[[ Records provided, beginning ]]
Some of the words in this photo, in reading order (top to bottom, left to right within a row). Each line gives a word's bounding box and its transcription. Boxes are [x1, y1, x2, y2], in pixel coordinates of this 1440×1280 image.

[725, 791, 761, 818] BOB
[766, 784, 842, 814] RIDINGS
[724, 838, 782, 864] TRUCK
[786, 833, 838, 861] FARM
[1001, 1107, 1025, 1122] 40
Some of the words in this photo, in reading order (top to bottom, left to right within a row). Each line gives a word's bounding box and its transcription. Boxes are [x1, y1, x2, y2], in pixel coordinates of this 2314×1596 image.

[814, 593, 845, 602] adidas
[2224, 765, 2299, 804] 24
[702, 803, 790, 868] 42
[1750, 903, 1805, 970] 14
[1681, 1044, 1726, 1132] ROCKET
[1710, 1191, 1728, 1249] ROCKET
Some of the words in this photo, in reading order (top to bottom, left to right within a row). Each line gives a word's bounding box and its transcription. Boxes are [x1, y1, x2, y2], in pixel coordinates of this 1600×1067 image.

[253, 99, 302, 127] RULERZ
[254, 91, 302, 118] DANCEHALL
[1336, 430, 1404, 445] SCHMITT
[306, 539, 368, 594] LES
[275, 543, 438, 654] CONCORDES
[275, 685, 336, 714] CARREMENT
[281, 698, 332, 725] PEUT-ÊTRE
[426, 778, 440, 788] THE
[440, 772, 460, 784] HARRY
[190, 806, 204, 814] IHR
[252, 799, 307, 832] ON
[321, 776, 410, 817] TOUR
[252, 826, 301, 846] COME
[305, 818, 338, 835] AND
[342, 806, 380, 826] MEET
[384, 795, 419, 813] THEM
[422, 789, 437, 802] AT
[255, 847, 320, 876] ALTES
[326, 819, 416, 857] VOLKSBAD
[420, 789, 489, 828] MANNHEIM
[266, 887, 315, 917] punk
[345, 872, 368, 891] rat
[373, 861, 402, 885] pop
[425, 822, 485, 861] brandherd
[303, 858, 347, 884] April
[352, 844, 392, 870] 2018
[[ Records provided, end ]]
# [Aim of the task]
Repeat the data in full, exactly as supplied.

# [Written answer]
Some of the words in this photo, in reading order (top to bottom, left to right within a row). Each line gives a word's bounding box and its transcription. Boxes are [x1, y1, x2, y2], in pixel coordinates of this 1440×1280 image.

[725, 791, 761, 818] BOB
[766, 784, 842, 814] RIDINGS
[724, 838, 782, 864] TRUCK
[786, 833, 838, 861] FARM
[1001, 1107, 1025, 1122] 40
Some of the words in this photo, in reading order (top to bottom, left to right within a row). Each line gives a word's bounding box and its transcription. Boxes are [x1, y1, x2, y2], in pixel coordinates of this 2314×1596 image.

[814, 593, 845, 602] adidas
[2224, 765, 2299, 804] 24
[702, 803, 790, 868] 42
[1750, 903, 1805, 970] 14
[1681, 1044, 1726, 1132] ROCKET
[1710, 1191, 1728, 1249] ROCKET
Some of the words in this photo, in reading order (top to bottom, left to right within a row). Each line gives a word's bounding box and its transcription. Boxes are [x1, y1, x2, y2], in pixel coordinates of this 1600×1067 image.

[253, 99, 302, 127] RULERZ
[254, 91, 302, 118] DANCEHALL
[1336, 430, 1404, 445] SCHMITT
[306, 539, 368, 594] LES
[275, 543, 438, 654] CONCORDES
[275, 685, 336, 714] CARREMENT
[281, 698, 332, 725] PEUT-ÊTRE
[426, 778, 440, 788] THE
[440, 772, 460, 784] HARRY
[190, 806, 204, 814] IHR
[252, 799, 307, 832] ON
[321, 776, 410, 817] TOUR
[252, 826, 301, 846] COME
[305, 818, 338, 835] AND
[342, 806, 380, 826] MEET
[384, 795, 419, 813] THEM
[422, 789, 437, 802] AT
[255, 847, 320, 876] ALTES
[326, 819, 416, 857] VOLKSBAD
[420, 789, 489, 828] MANNHEIM
[266, 887, 315, 917] punk
[345, 872, 368, 891] rat
[373, 861, 402, 885] pop
[425, 822, 485, 861] brandherd
[303, 858, 347, 884] April
[352, 844, 392, 870] 2018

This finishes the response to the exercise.